Avvocato Sandri, innanzitutto un chiarimento: iI giudice vi ha dato ragione in merito all’illegittimità della sospensione dal posto di lavoro, ma non ha accettato la vostra richiesta di riammissione in servizio della dipendente. Per quale motivo?
Il giudice ha appurato che il datore di lavoro non ha rispettato l’iter corretto per arrivare, come extrema ratio, alla sospensione. Però non spetta al giudice ordinare una riammissione in diversa mansione, stante il fatto che la dipendente non si è vaccinata: tale reintegro spetta alla discrezionalità del datore di lavoro.
Con l’entrata in vigore il prossimo 15 ottobre del cosiddetto Decreto Green pass, promulgato lo scorso 21 settembre, questa stessa vicenda avrebbe avuto in tribunale un esito differente?

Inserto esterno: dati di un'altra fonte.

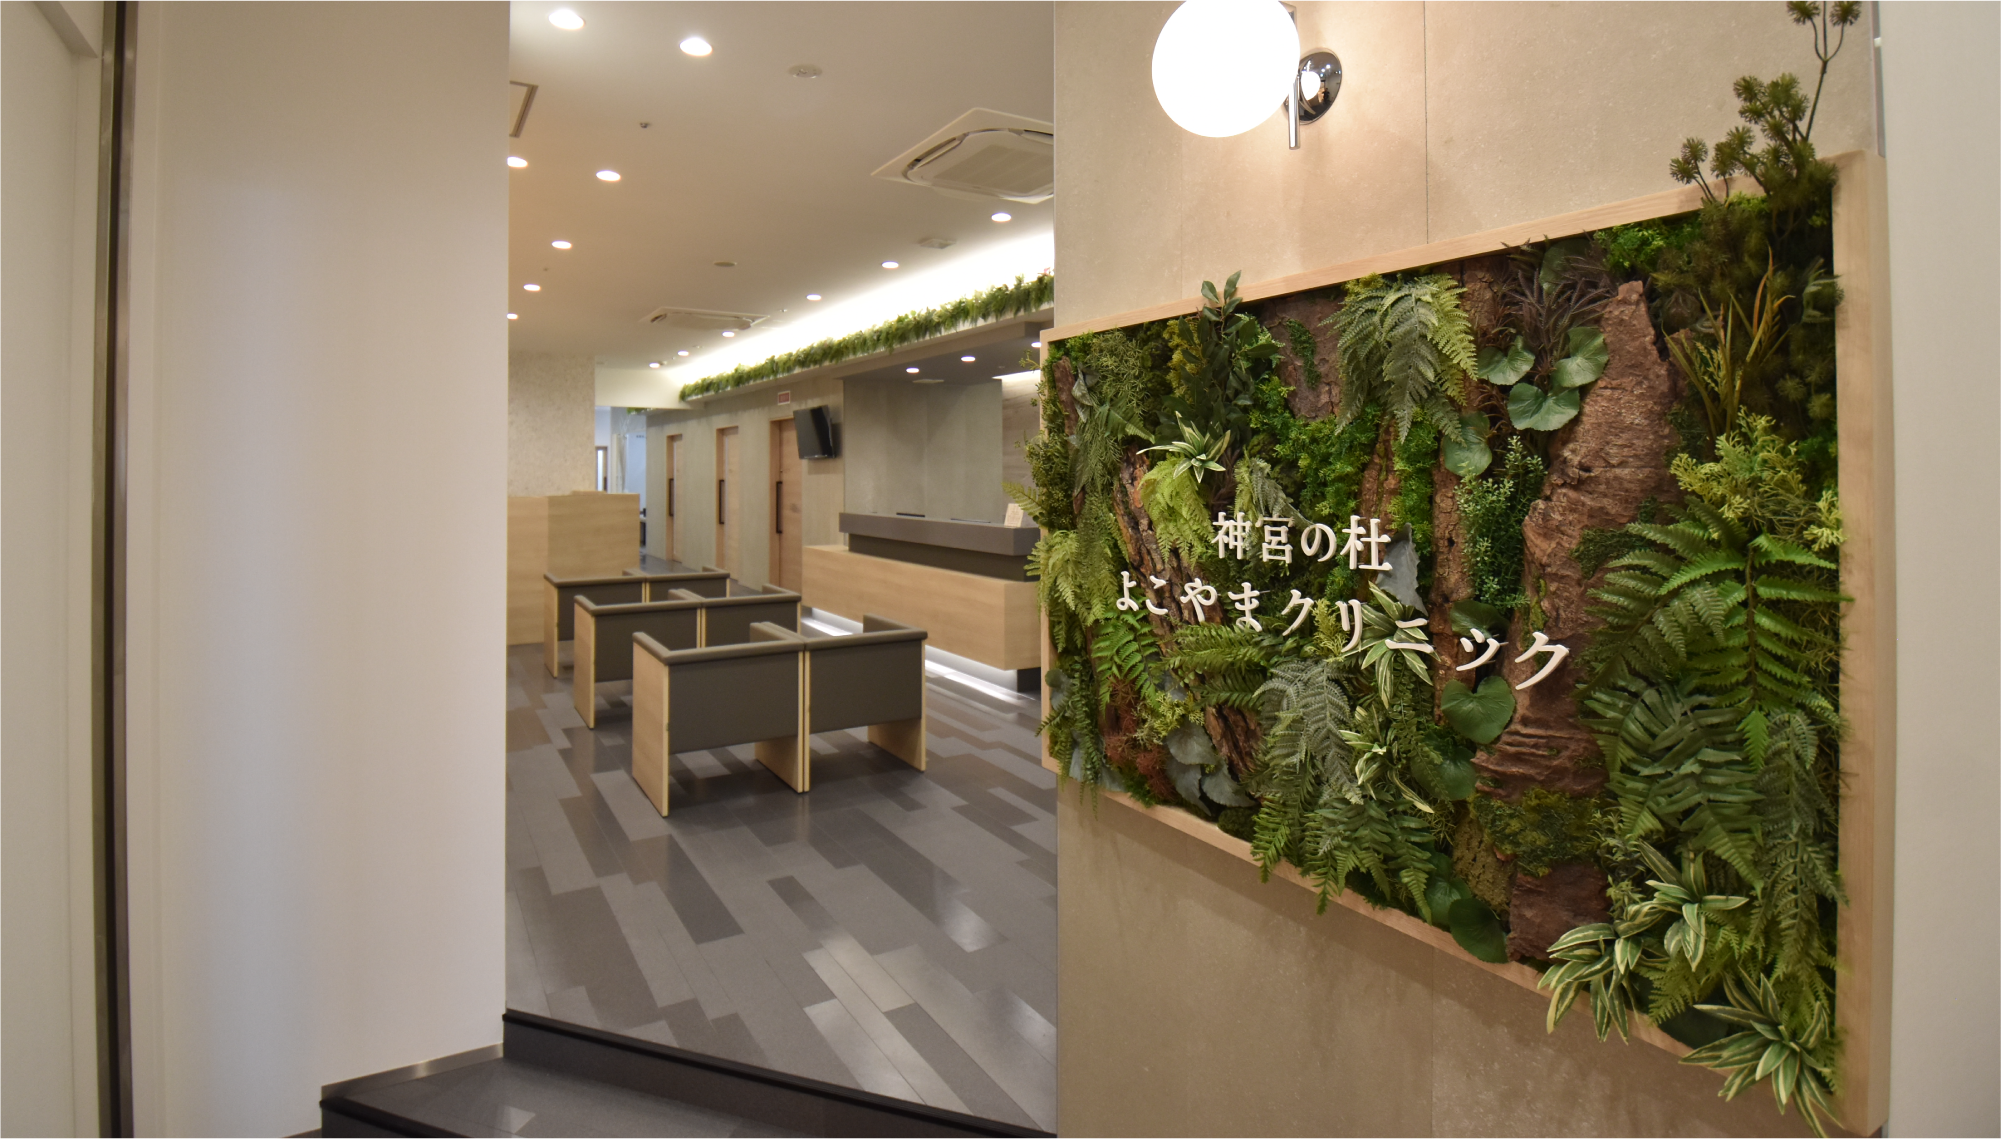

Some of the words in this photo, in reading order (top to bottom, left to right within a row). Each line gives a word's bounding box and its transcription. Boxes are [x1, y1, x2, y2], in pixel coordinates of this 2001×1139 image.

[1212, 512, 1392, 571] 神宮の杜
[1115, 570, 1570, 690] よこやまクリニック

Avrebbe avuto il medesimo esito. Il Decreto Green pass a cui lei fa cenno riguarda altre categorie di lavoratori, non i medici e gli operatori sanitari. A loro si applica la disciplina richiamata in sentenza. Ciò detto, vorrei però aggiungere che i medici e gli operatori sanitari, sotto un certo punto di vista, stanno peggio di altri lavoratori perché hanno l’obbligo vaccinale, senza seconda opzione, ossia senza poter ricorrere al tampone. Su di loro ricade un obbligo secco: o ti vaccini o ti vaccini.
Come giudica il Decreto Green pass del governo?
Una vergogna totale perché è discriminante. Il nostro Green pass è figlio del Green pass europeo e ne amplia la ratio. Quello europeo riguarda i viaggi tra gli Stati, il nostro una molteplicità di attività. Io ho impugnato il Green pass europeo perché ritengo che il suo fondamento scientifico sia non provato. Il Green pass europeo si fonda sull’asserto che i vaccinati non contagino. Io ho contestato questo fondamento e quindi ho presentato un ricorso contro il Parlamento europeo e la Commissione europea. Per combattere efficacemente contro il Green pass italiano occorre risalire alla fonte che lo ha generato, ossia il Green pass europeo. Se cade questo cade quello.